Zijn werk werd veel nagevolgd, ook door Italiaanse en Franse kunstenaars. Deze artiesten worden bamboccianten genoemd. Hun Romeinse collega's die verenigd waren in het St. Lucasgilde keken op hen neer omdat zij zoiets onwaardigs als het Italiaanse volksleven als onderwerp voor hun werk kozen, terwijl de gildeleden verheven mythologische, historische of religieuze verhalen uitbeeldden.
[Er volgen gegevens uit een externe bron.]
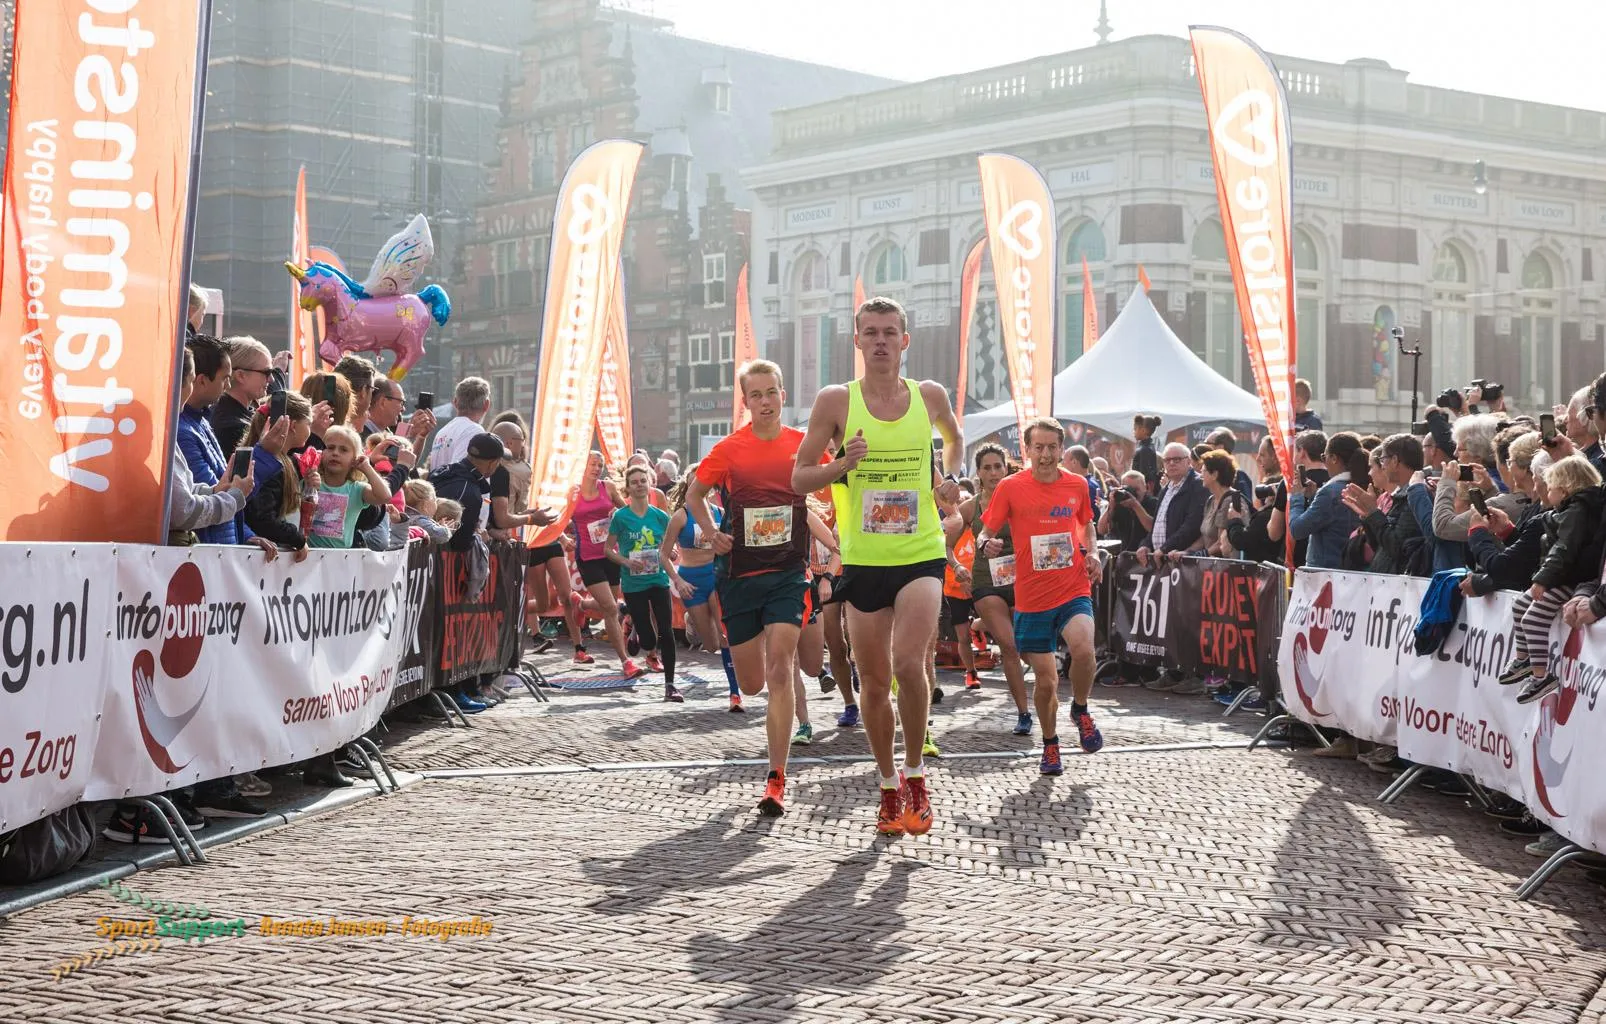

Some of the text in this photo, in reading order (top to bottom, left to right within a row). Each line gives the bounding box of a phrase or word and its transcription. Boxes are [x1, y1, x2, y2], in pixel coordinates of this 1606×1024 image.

Toch waren de bambocciaden bijzonder populair in Rome, en kon het gilde niet voorkomen dat zij buiten dit instituut om grif van de hand gingen.
Van Laer was ook een van de eersten, vroeg in de 17e eeuw, die met het schilderen van veestukken begon te experimenteren, een genre dat later werd geperfectioneerd door Adriaen van de Velde, Dujardin en Paulus Potter.
Websites: www.cultuurwijzer.nl
Pageviews vandaag: 50.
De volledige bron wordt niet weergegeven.